Parts of the primordial soup in which life arose have been maintained in our cells today according to scientists at the University of East Anglia.
Research published today in the Journal of Biological Chemistry reveals how cells in plants, yeast and very likely also in animals still perform ancient reactions thought to have been responsible for the origin of life – some four billion years ago.
The primordial soup theory suggests that life began in a pond or ocean as a result of the combination of metals, gases from the atmosphere and some form of energy, such as a lightning strike, to make the building blocks of proteins which would then evolve into all species.
The new research shows how small pockets of a cell – known as mitochondria – continue to perform similar reactions in our bodies today. These reactions involve iron, sulfur and electro-chemistry and are still important for functions such as respiration in animals and photosynthesis in plants.
Lead researcher Dr Janneke Balk, from UEA's school of Biological Sciences and the John Innes Centre, said: "Cells confine certain bits of dangerous chemistry to specific compartments of the cell.
"For example small pockets of a cell called mitochondria deal with electrochemistry and also with toxic sulfur metabolism. These are very ancient reactions thought to have been important for the origin of life.
"Our research has shown that a toxic sulfur compound is being exported by a mitochondrial transport protein to other parts of the cell. We need sulfur for making iron-sulfur catalysts, again a very ancient chemical process.

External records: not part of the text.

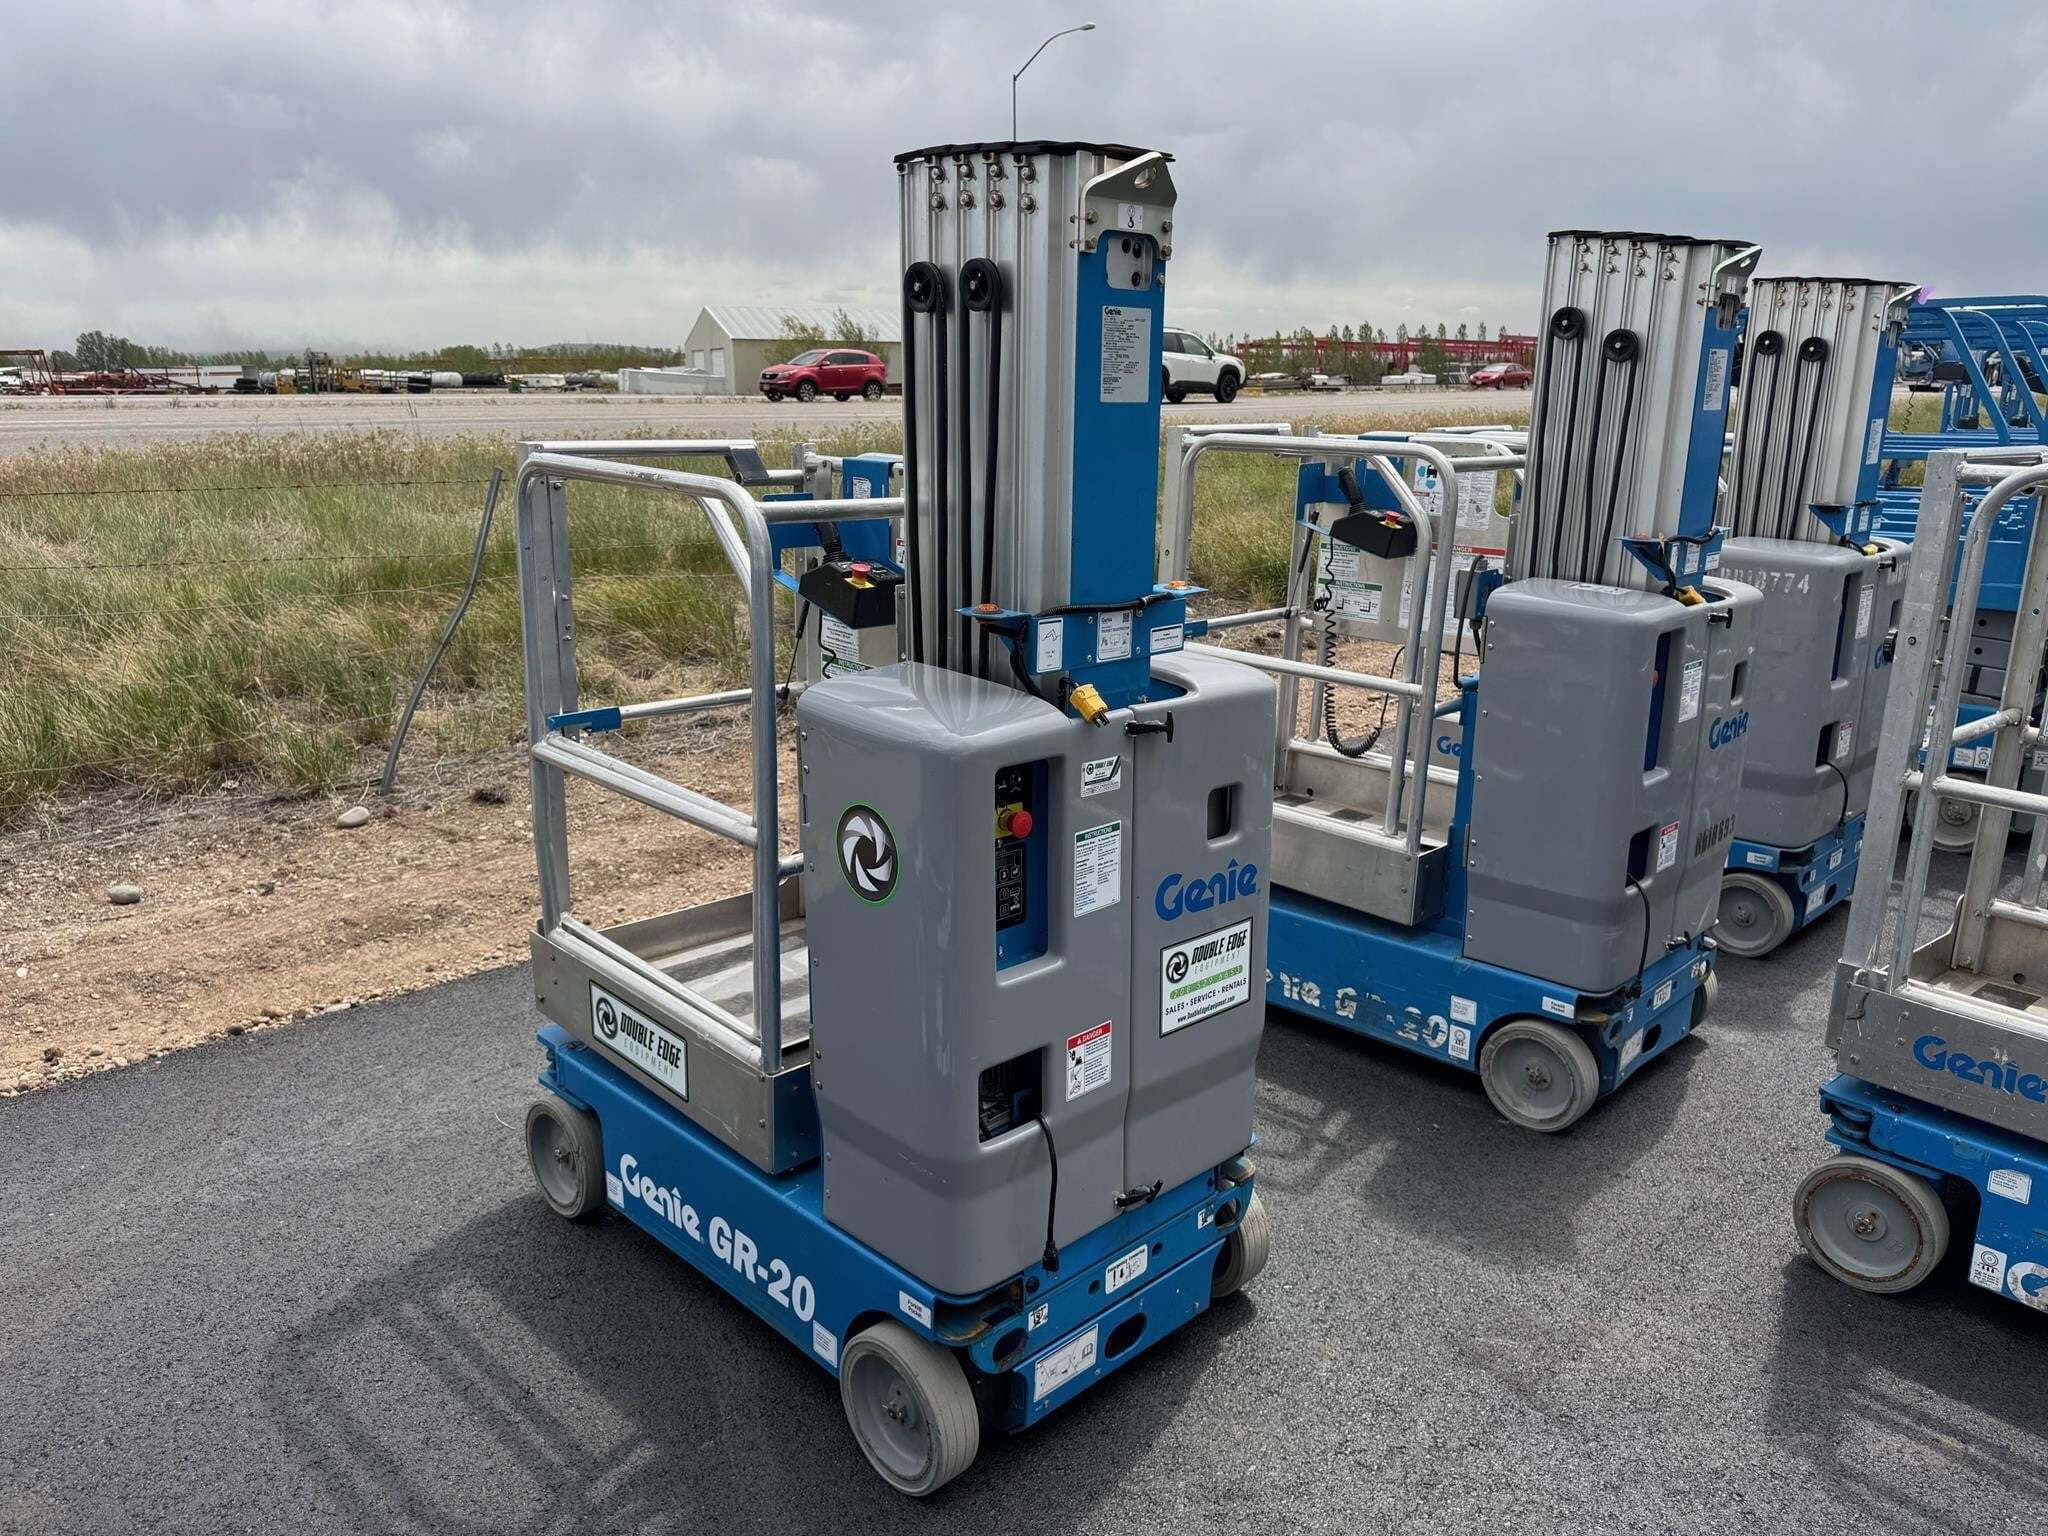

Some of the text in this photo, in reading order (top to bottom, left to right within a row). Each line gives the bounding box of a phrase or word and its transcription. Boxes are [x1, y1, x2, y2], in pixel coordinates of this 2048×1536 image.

[1104, 306, 1122, 316] Genie
[1084, 825, 1113, 840] INSTRUCTIONS
[1155, 858, 1258, 921] Genie
[1191, 929, 1248, 966] DOUBLE EDGE
[1194, 950, 1242, 974] EQUIPMENT
[1165, 977, 1247, 1016] SALES SERVICE RENTALS
[620, 1011, 682, 1069] DOUBLE EDGE
[1082, 1028, 1103, 1042] DANGER
[624, 1037, 674, 1079] EQUIPMENT
[1913, 1034, 2048, 1104] Genie
[620, 1153, 816, 1322] Genie GR-20

"The work shows that parts of the primordial soup in which life arose has been maintained in our cells today, and is in fact harnessed to maintain important biological reactions."
The research was carried out at UEA and JIC in collaboration with Principal Investigator Dr Hendrik van Veen at the University of Cambridge. It was funded by the BBSRC.
'A conserved mitochondrial ATP-binding cassette transporter exports glutathione polysulfide for cytosolic metal cofactor assembly' is published in the Journal of Biological Chemistry.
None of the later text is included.